CW: Where was it located?
BW: In Holgate. Unless I go through our archives I don’t remember who the president was and who the board members were. In 1954 and 1955 the Holgate State Bank built a branch in Malinta, Ohio. The bank was growing, then through the years the bank obviously grew faster. Then in 1969 the bank applied to individual banks to open up a branch in Napoleon, Ohio. They also applied to change the name from Holgate State Bank to The Henry County Bank which was approved. So the bank came to Napoleon to this facility here in 1971 when the new facility opened. When we first moved to Napoleon we operated out of the Lutheran Church basement. The Henry County Bank was built on the site of the Curdes Bakery.
CW: I thought they were on Perry Street.
BW: It may have been before this, but I don’t think so. The Henry County Bank was built on the site of Curdes Bakery. It was a very small building and was the Curdes Bakery at the time. The bank operated there at that time. We opened up in 1971. The bank actually opened up in 1969 and was operated out of the former Curdes Bakery building. The building opened up and at that time Lester Fruth was the President of the bank. He had been for a number of years, along with Art Giesege, the Vice President, and a gentleman by the name of Norm Meyer. In 1972 I came to the bank. In 1973 we opened up a branch on North Scott Street here in Napoleon, then following that in 1982 I became President of the Henry County Bank. We then opened up an office in downtown Liberty Center in the former Morrison Department Store building in downtown Liberty Center.
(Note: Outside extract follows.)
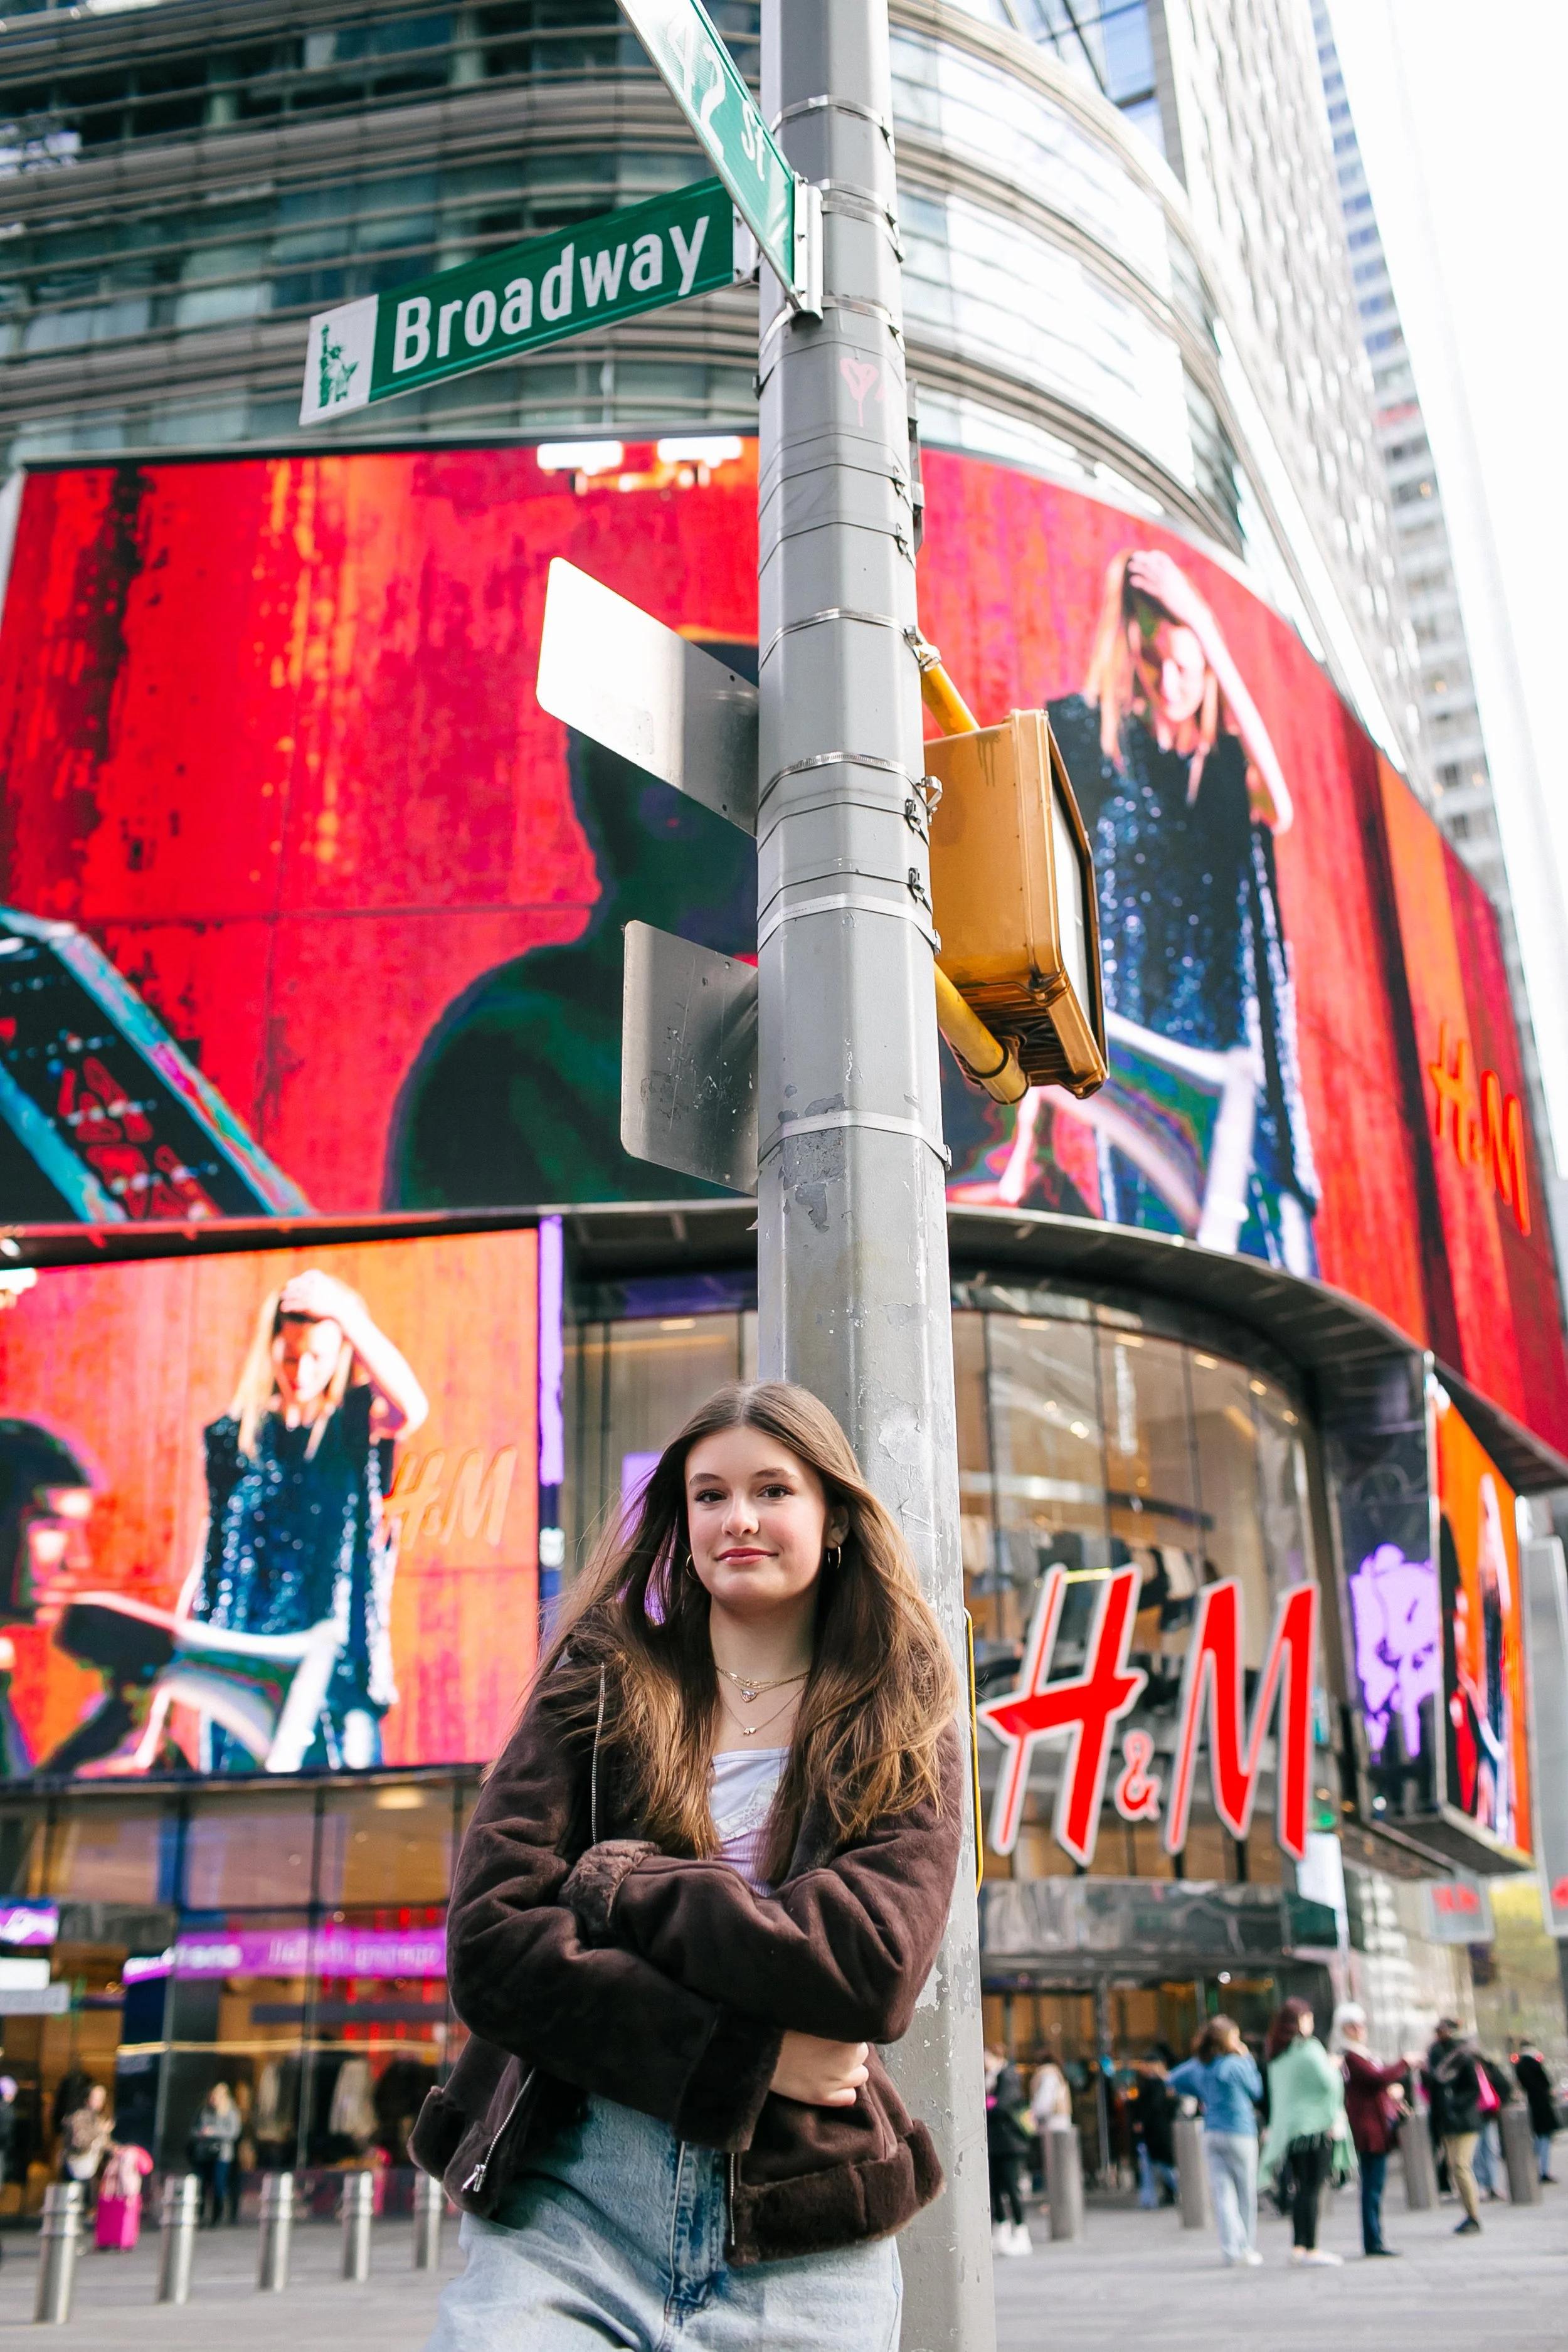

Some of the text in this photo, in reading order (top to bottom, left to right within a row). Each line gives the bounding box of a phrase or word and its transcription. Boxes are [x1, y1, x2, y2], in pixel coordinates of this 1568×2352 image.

CW: I didn’t know Liberty had a department store.
BW: We converted that into a branch. Then in 1995 we purchased what was at that time The National City Bank. This building was located on the south west corner of Perry and Maumee. We opened up that branch on the South side in June of 1995 after extensive renovation. Each of our six area locations and in particular the branch on the South Side of Napoleon has the Maumee River theme – our heritage. In Liberty Center when you go to that office, on the wall it has the colors of the National Railroad Station.
CW: Yes the railroad is what helped make Liberty Center grow.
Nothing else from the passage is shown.